A traditional meditation instruction in Buddhism is to tune our attention as we would tune a string on a music instrument.
If it’s too lose, our attention wander, and if it’s too tight, we effort too much and the efforting itself becomes distracting.
This general instrument-string pointer applies to a lot of different practices.
I notice it these days in the dynamic between allowing contractions to be as it is, and inviting it to realign with reality.
I can rest in the allowing, and that in itself is healing in many ways. It helps me heal my relationship with the contraction and see it’s OK for it to be here, and it does help the contraction relax. And yet, if that’s all I do, not much more may change.
I can invite the contraction to align with reality (oneness, stillness and silence, love), and if that’s all I do, it can become a bit heavy handed. It can become, or come from, another contraction, which reinforces the whole contraction dynamic.
So it’s helpful to tune this string too, not too lose (onesided allowing) and not too tight (onesided encouragement to change).
When there is more clarity, both are here. I notice the contraction is already allowed, and consciously align with that allowing.
At the same time, I notice the distortions and confusion within the contraction, and in how I may have habitually related to it, I notice what’s more real and true, and I invite the contraction to align with reality, and also intend for it to align with reality.
In practice, I emphasize one more than the other, while both are here.

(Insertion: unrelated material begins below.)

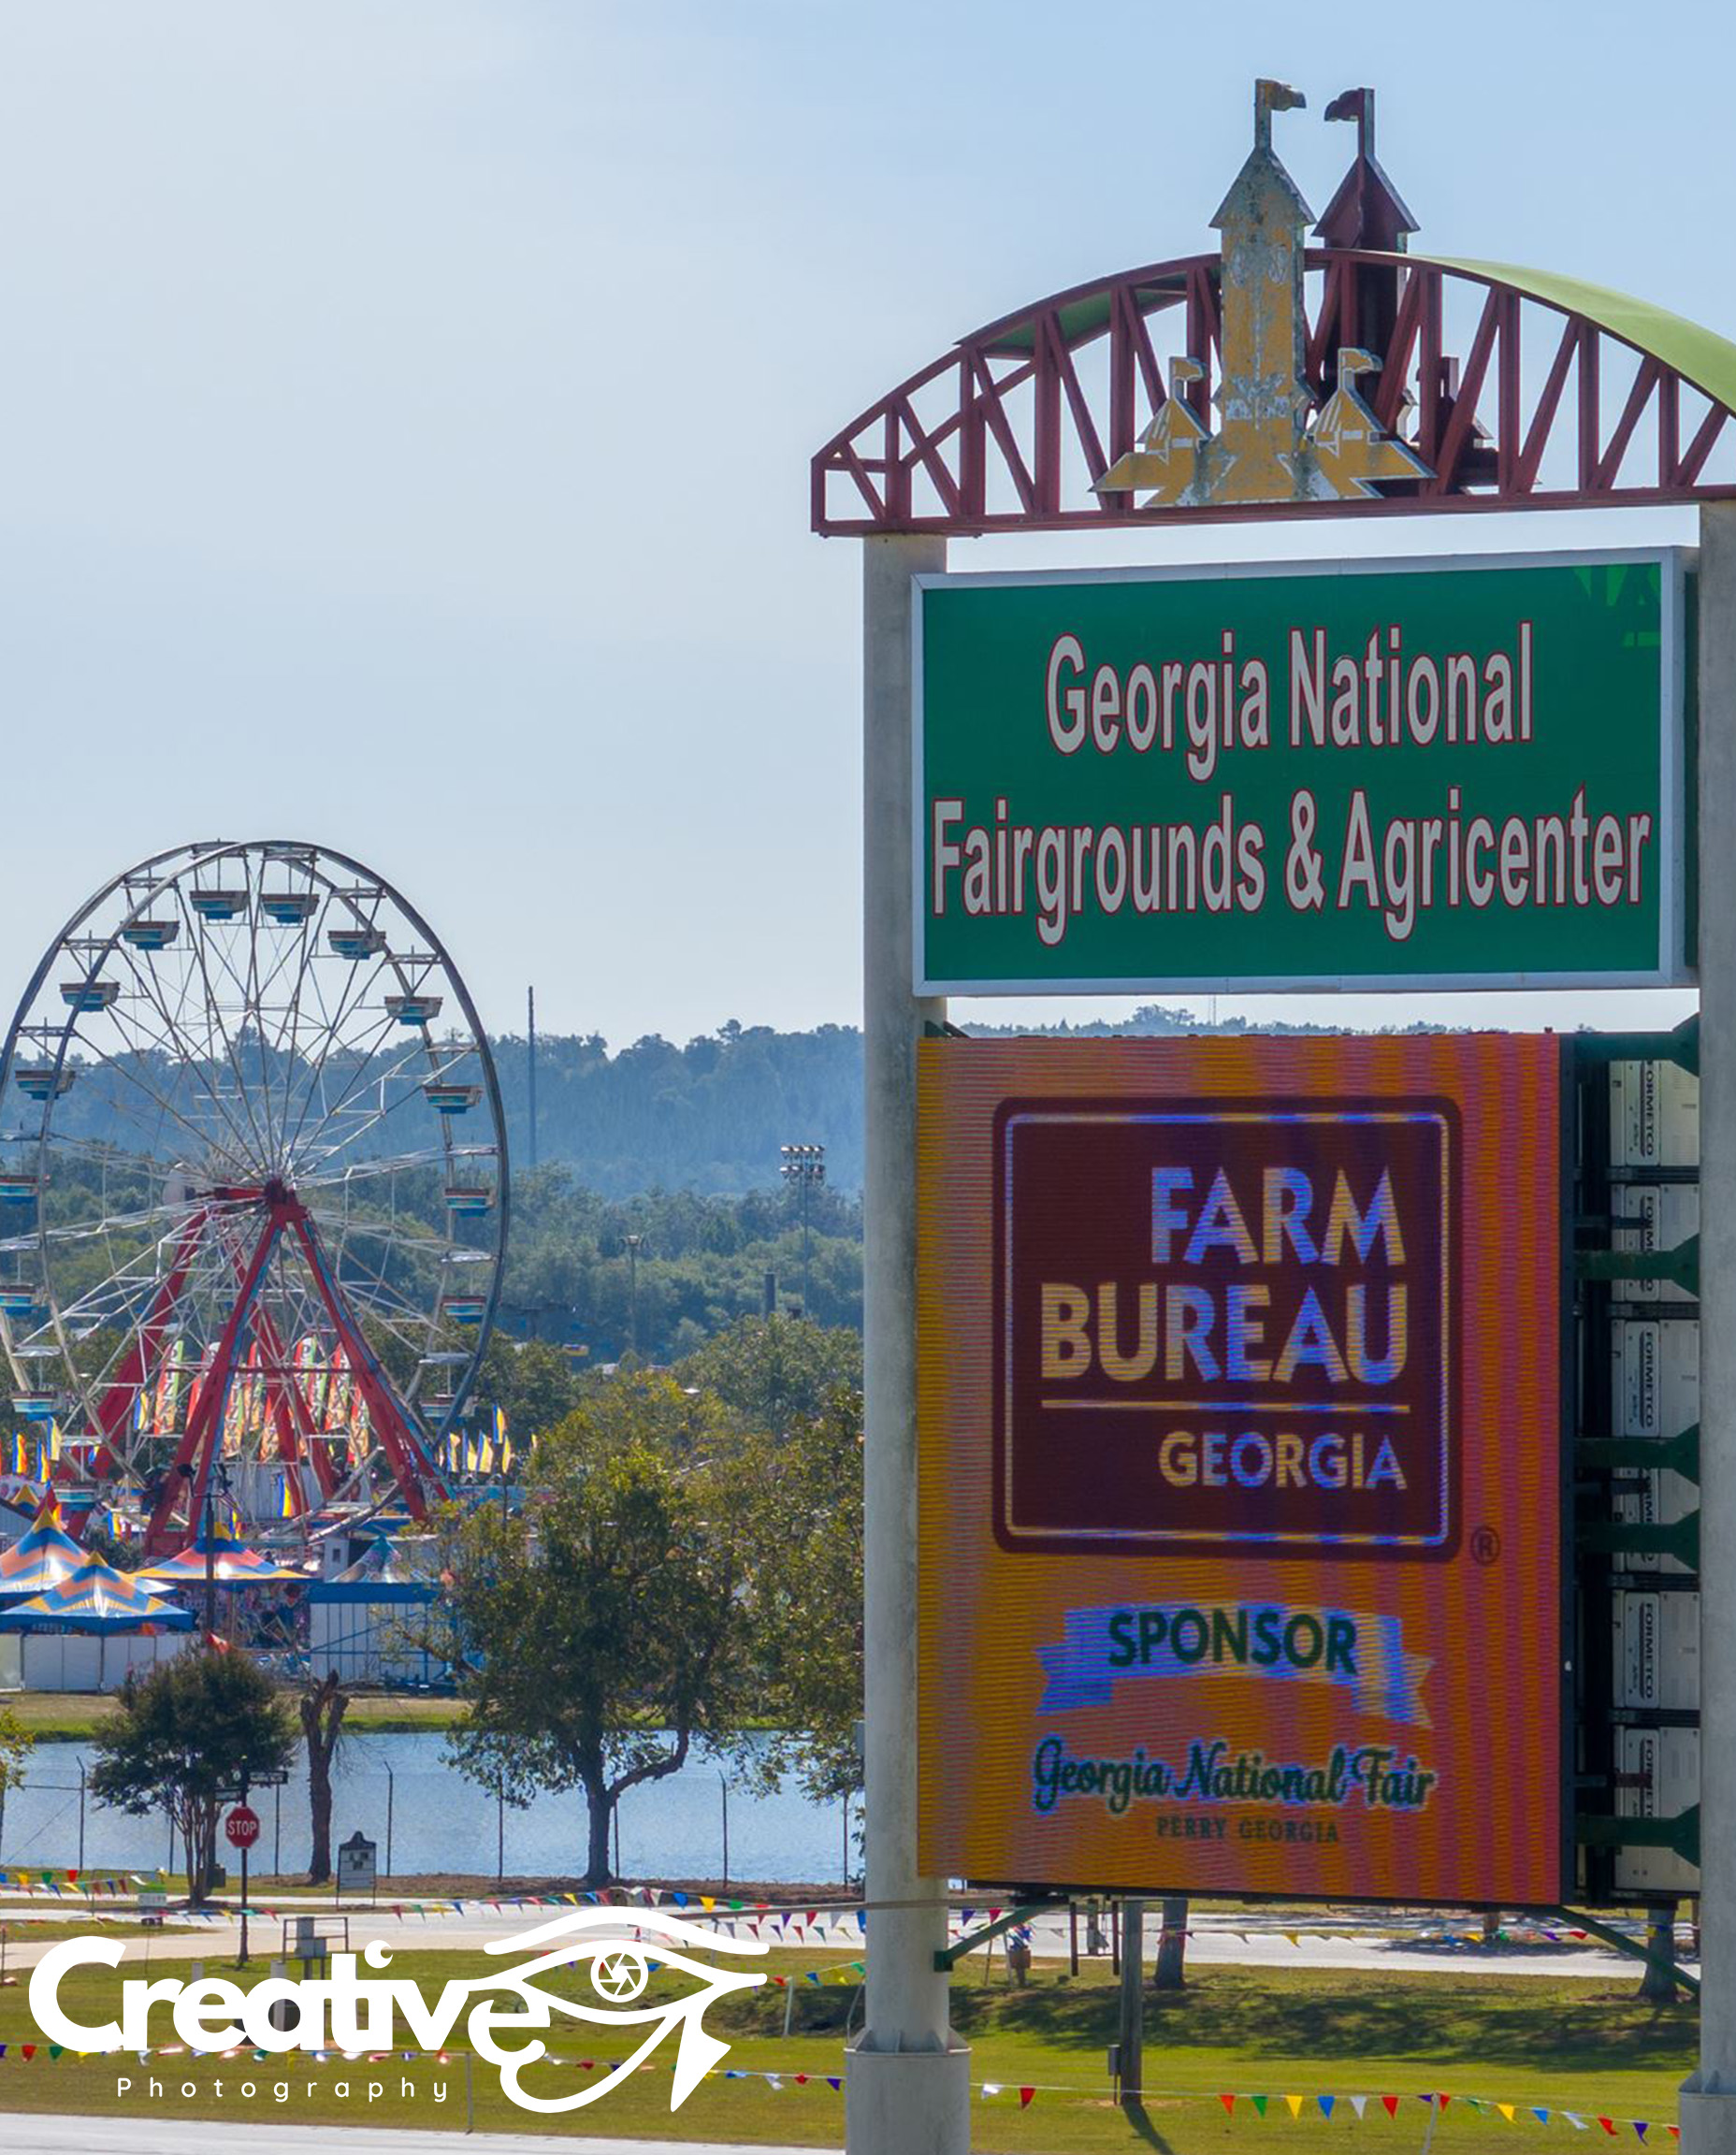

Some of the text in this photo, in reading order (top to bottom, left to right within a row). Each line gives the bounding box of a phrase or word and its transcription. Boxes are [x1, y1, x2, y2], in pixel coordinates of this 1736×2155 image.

And in reality, all of this is a bit more messy and approximate, and an exploration, experiment, and learning.
INITIAL NOTES
Gentle and firm
In practices, I sometimes tend too far in the gentle side, in terms of allowing what is as is, sometimes need a bit more firmness in the sense of intention, exploring what leads to a change
Sometimes, be firm with old patterns, delusions, confused love – not follow, invite them to shift, recognize their nature etc.